Colin’s phone is ringing.
He can hear the high pitched screech ringing in his ear, but when he tries to move his hand to reach for it, he realizes he can’t. His hands are handcuffed to a wall or something. Colin is still much too drowsy to open his eyes and look. What happened? Why is Harlem calling him? Harlem only calls for emergencies.
That’s when Colin remembers.
His eyes snap open, and he realizes he’s in total darkness. There’s nothing to see. Colin has to blink several times just to make sure his eyes are even open.
“What the hell,” he says, and his voice echoes.
Is he in a cave? Where the hell is he right now?
He remembers how he got here: the hotel room, Emmalee’s father, a group of men with a needle. But why? What the hell is going on? If Emmalee’s father was a threat, why wasn’t he in her file? Was he in her file? Colin can’t remember. It’s incredibly likely he glossed over her family history. It’s never the most interesting part. All recruits have some sort of family issues. Otherwise they wouldn’t be recruits.
“Oh, you’re not in hell yet,” Emmalee’s father says from across the room. “But don’t worry. You’ll get there.”
Colin blinks some more, trying in vain to see through the darkness. Where is Emmalee’s father? What does he want?
“Boo,” Emmalee’s father whispers in Colin’s ear.
Colin didn’t even hear his footsteps. This isn’t good. Colin’s never been in this situation before. Luckily, his phone has stopped ringing. He’s never not answered his phone either. Harlem will know what to do. Harlem will find him.
“Not much of a talker, huh?” Emmalee’s father asks, now a few feet away. “Not going to ask all the typical questions?

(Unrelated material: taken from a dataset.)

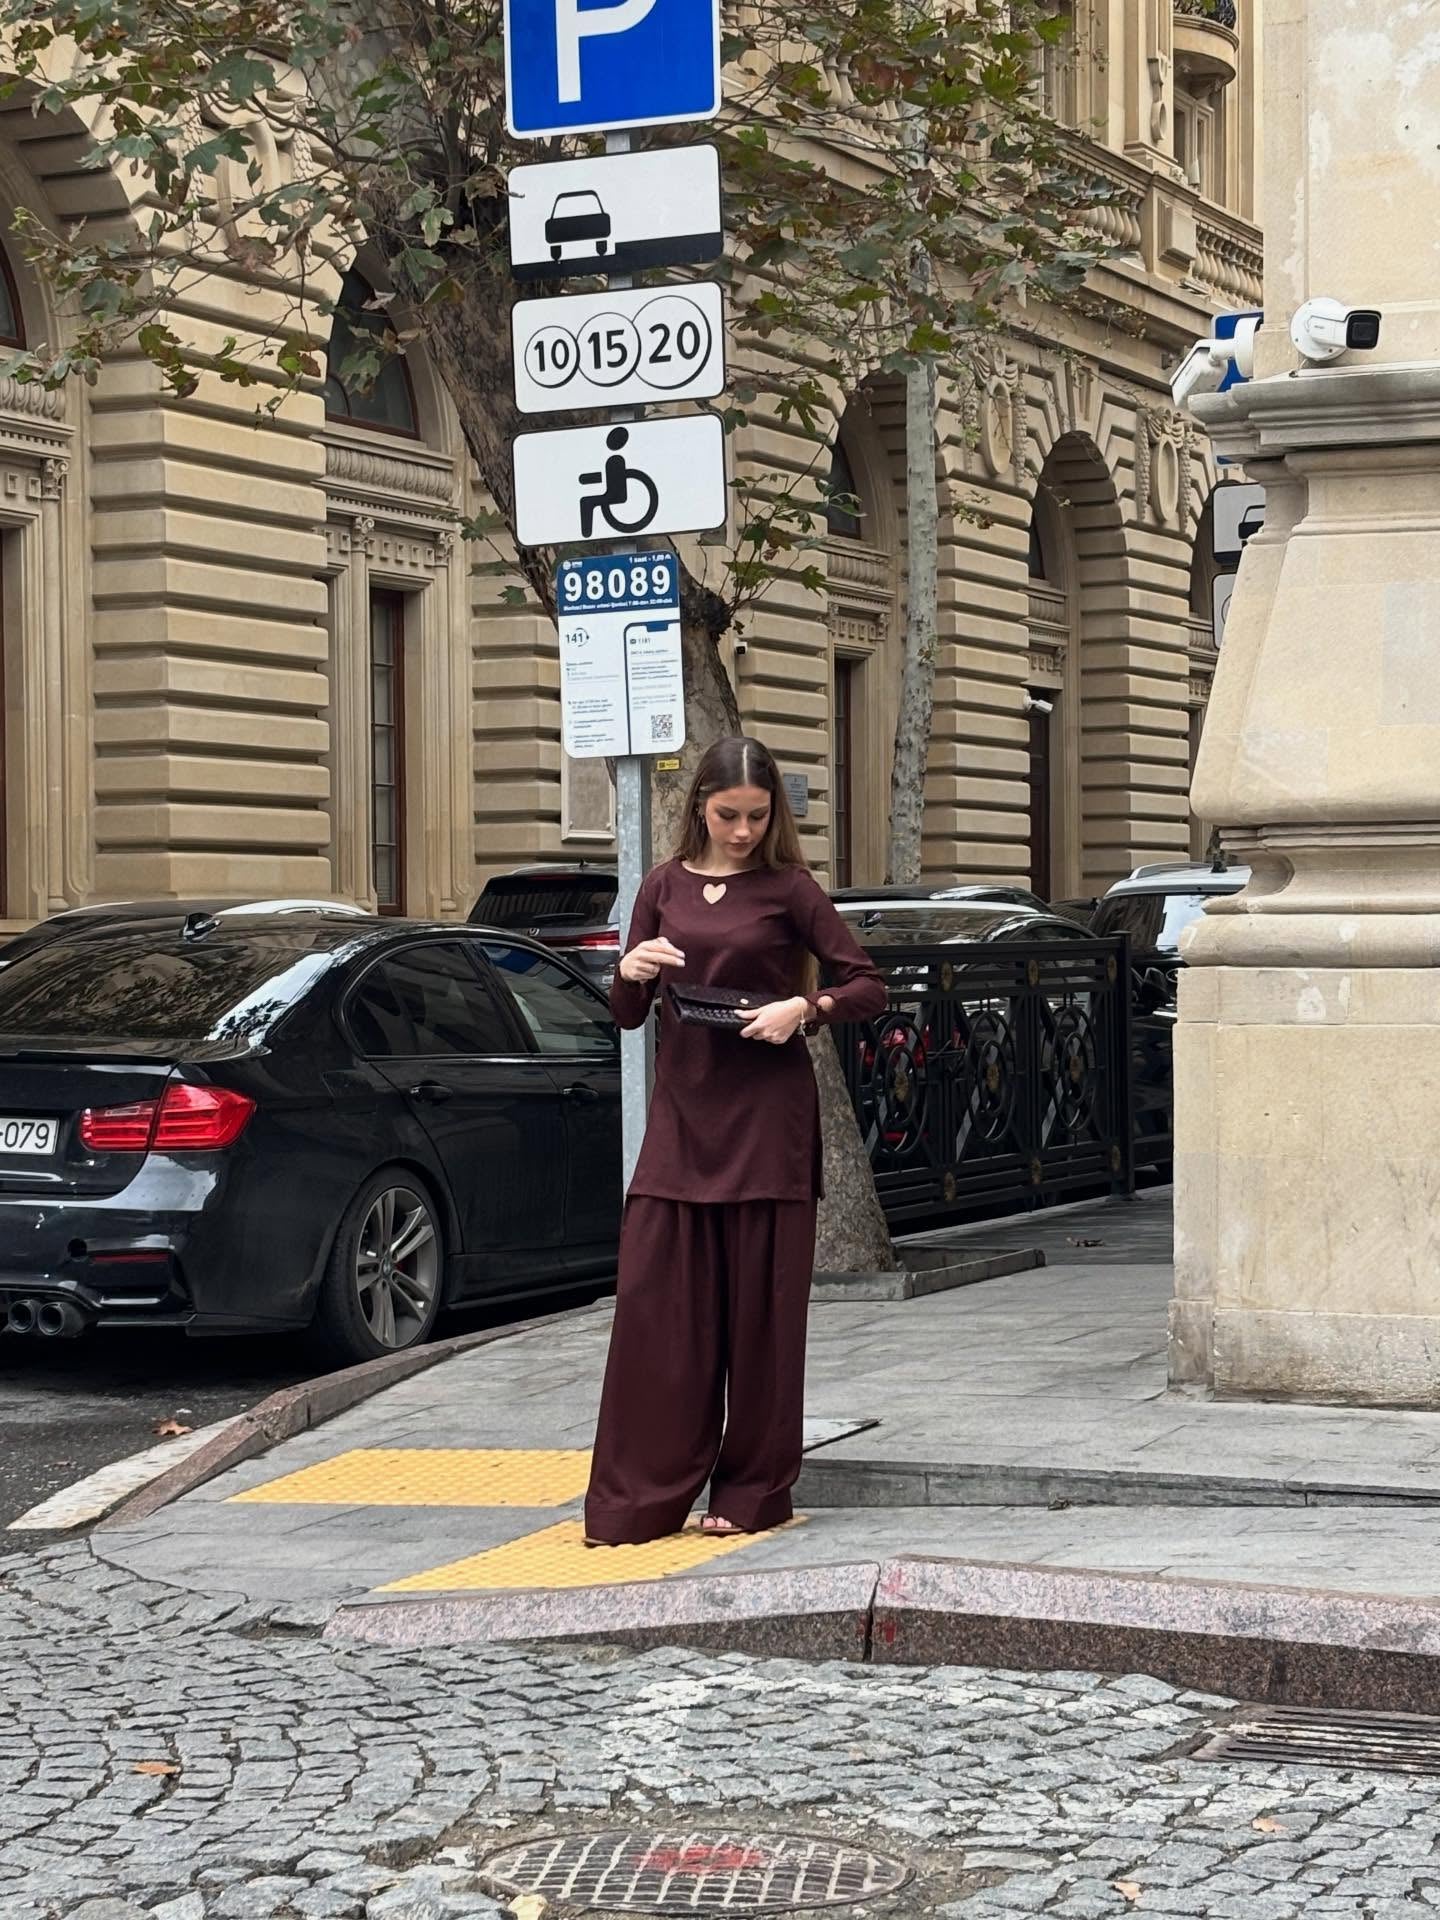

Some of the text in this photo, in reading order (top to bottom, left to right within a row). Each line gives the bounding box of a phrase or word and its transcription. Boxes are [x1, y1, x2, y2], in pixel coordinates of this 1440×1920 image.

Why am I here? What do I want? Really?” Colin doesn’t answer. “Hmm. I always thought my daughter’s taste in men was more predictable. She’s never gone for stability. I think she likes to have the upper-hand, you know? She likes to think she’s in control, the strong one. She didn’t get that feeling growing up, I’m afraid.”
Colin fights the urge to smile. Emmalee’s father thinks Colin is her boyfriend. He doesn’t know who Colin really is. Colin can use that to his advantage. This could work.
“Please,” Colin says, “let us go.”
“Ah,” Emmalee’s father says, “there it is. You must be one of the nice ones. Think just a little bit of begging with some pleasantries will do the trick? I’m afraid that won’t do, son. No, I have something much more fun planned for the two of you. I’ve been waiting a long time for this reunion. I expected someone like you would be here to join us, so don’t worry. You won’t miss out.”
Emmalee’s father puts a hand on Colin’s shoulder. Colin squeezes his eyes shut. He knows what’s coming even before he feels the needle press into the skin on his neck.
“Goodnight, now. I’ll see you for dinner,” Emmalee’s father says.
And then Colin is left in the dark again.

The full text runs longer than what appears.